(Phrase grounding data)

§

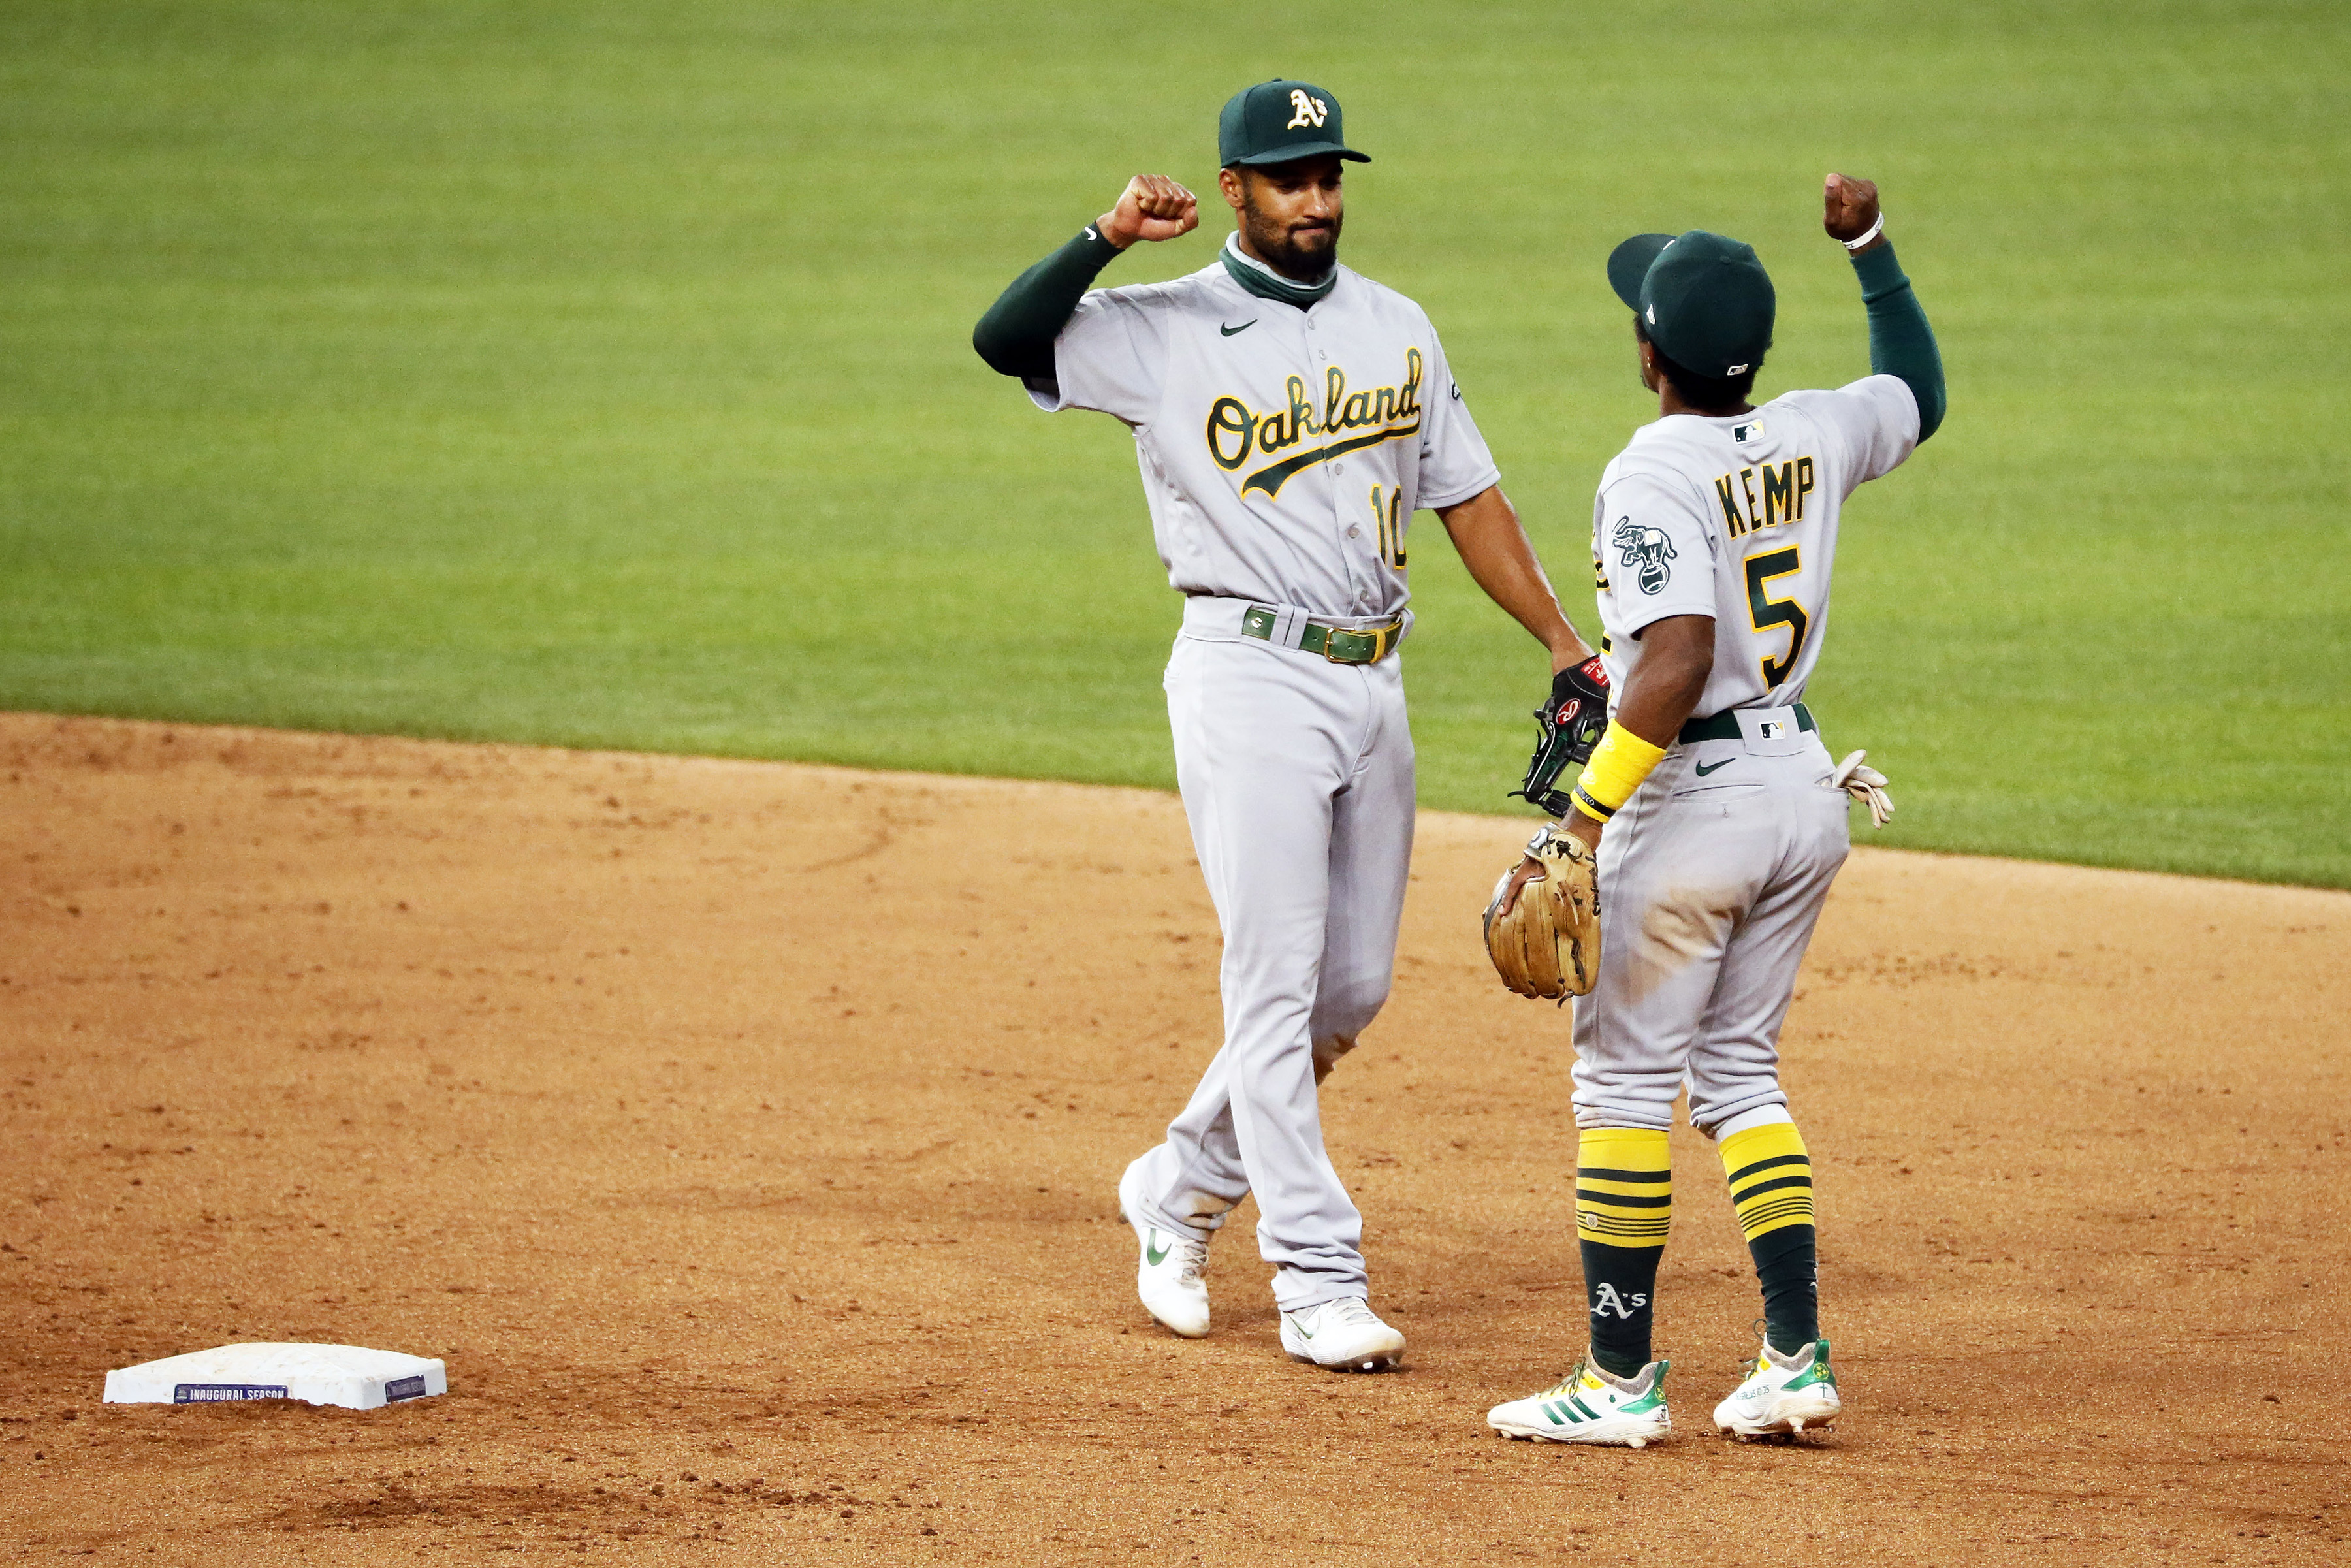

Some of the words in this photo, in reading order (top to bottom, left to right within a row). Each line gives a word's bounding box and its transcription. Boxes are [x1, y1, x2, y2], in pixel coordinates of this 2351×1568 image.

[1288, 90, 1328, 129] A's
[1207, 347, 1424, 471] Oakland
[1370, 483, 1407, 569] 10
[1716, 456, 1814, 540] KEMP
[1744, 544, 1809, 694] 5
[1590, 1282, 1646, 1319] A's
[190, 1390, 244, 1400] INAUGURAL
[248, 1390, 284, 1400] SEASON
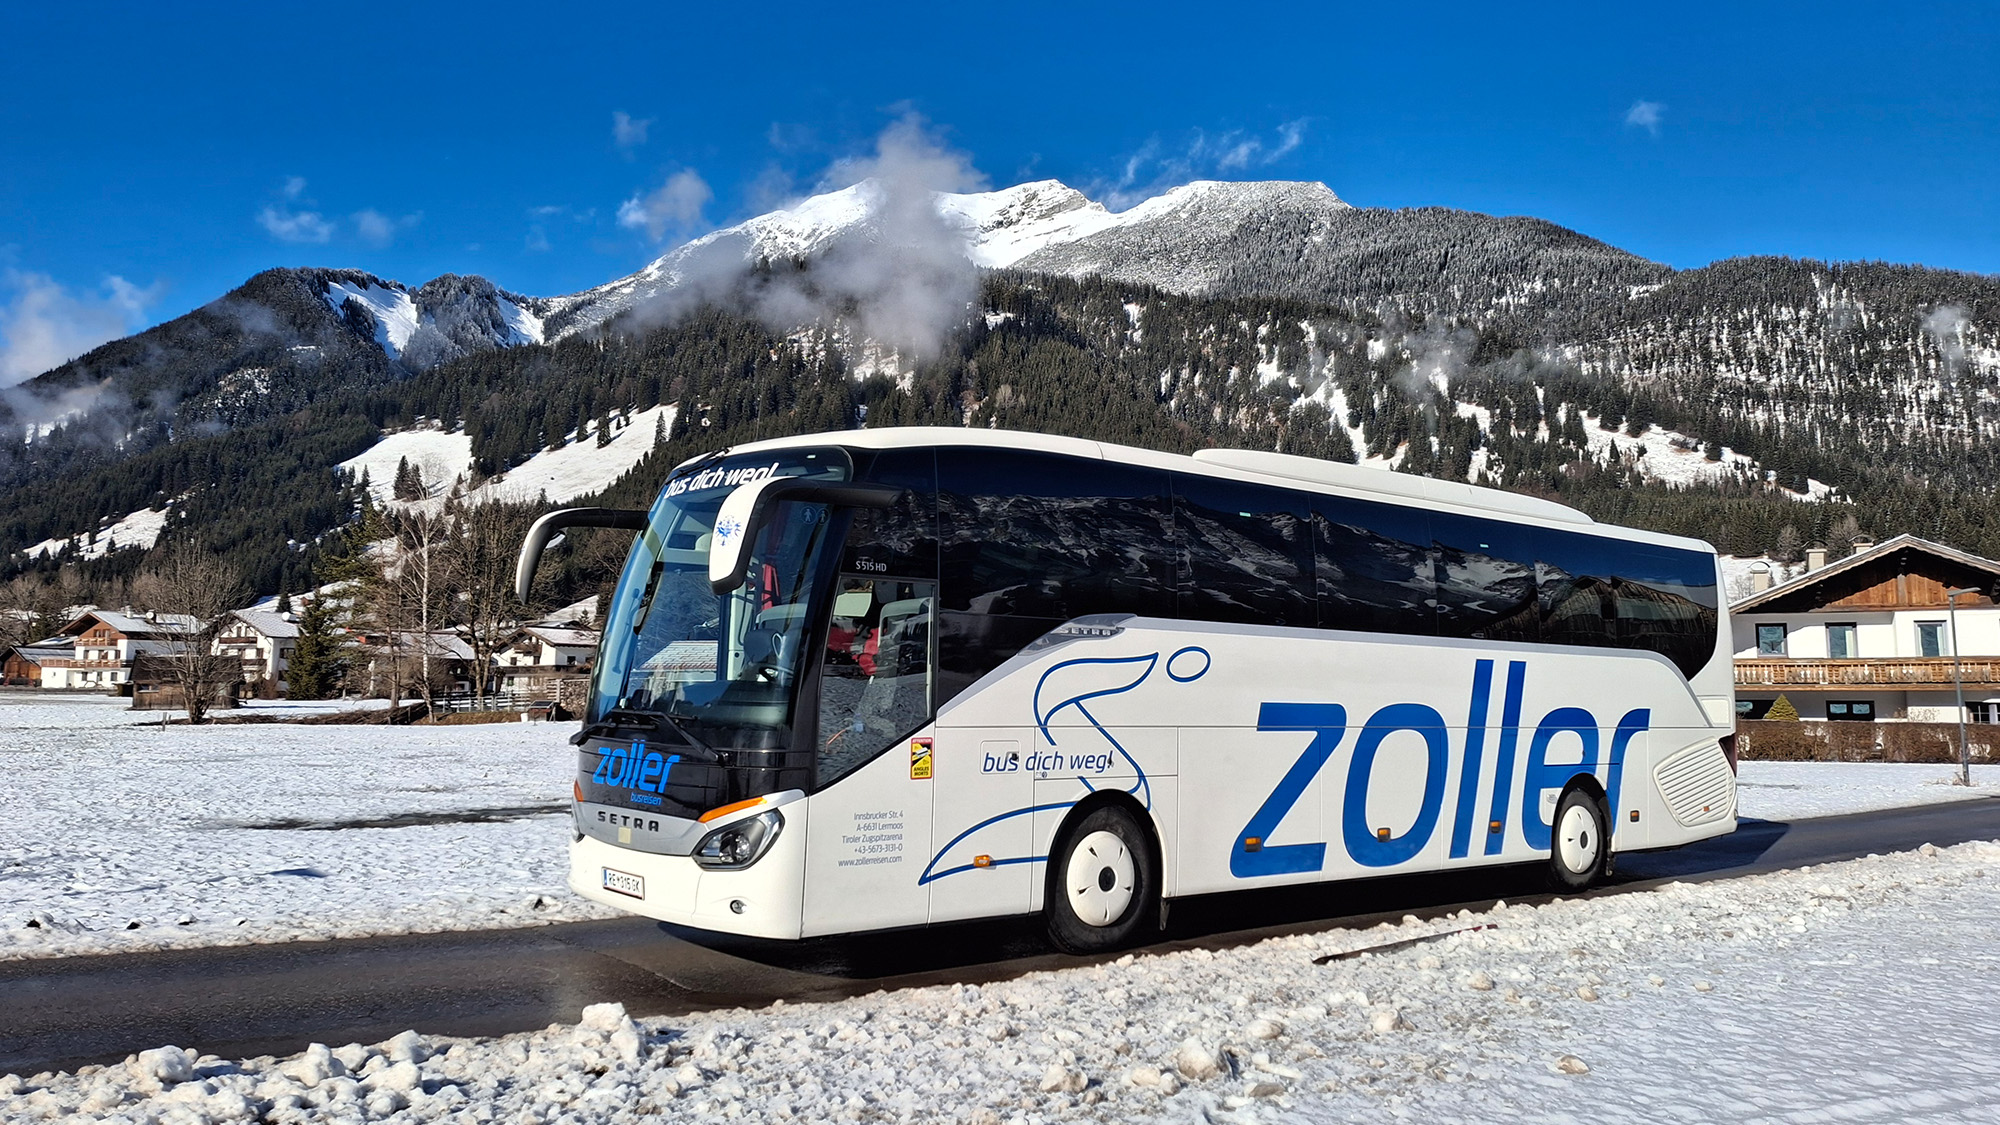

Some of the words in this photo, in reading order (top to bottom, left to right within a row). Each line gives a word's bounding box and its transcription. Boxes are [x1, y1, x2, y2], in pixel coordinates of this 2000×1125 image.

§

> [About this exercise] Would you please output each record exactly, leaving the images out?

> [Solution to the exercise]
Some of the words in this photo, in reading order (top to bottom, left to right within a row). Each line gives a word's bounding box and its transcription. Boxes are [x1, y1, x2, y2], in pixel coordinates of this 2351×1568 image.

[1288, 90, 1328, 129] A's
[1207, 347, 1424, 471] Oakland
[1370, 483, 1407, 569] 10
[1716, 456, 1814, 540] KEMP
[1744, 544, 1809, 694] 5
[1590, 1282, 1646, 1319] A's
[190, 1390, 244, 1400] INAUGURAL
[248, 1390, 284, 1400] SEASON

Some of the words in this photo, in reading order (top to bottom, left to right within a row). Each line gives a word's bounding box and its transcription. Boxes are [x1, y1, x2, y2], in pixel coordinates of this 2000×1125 image.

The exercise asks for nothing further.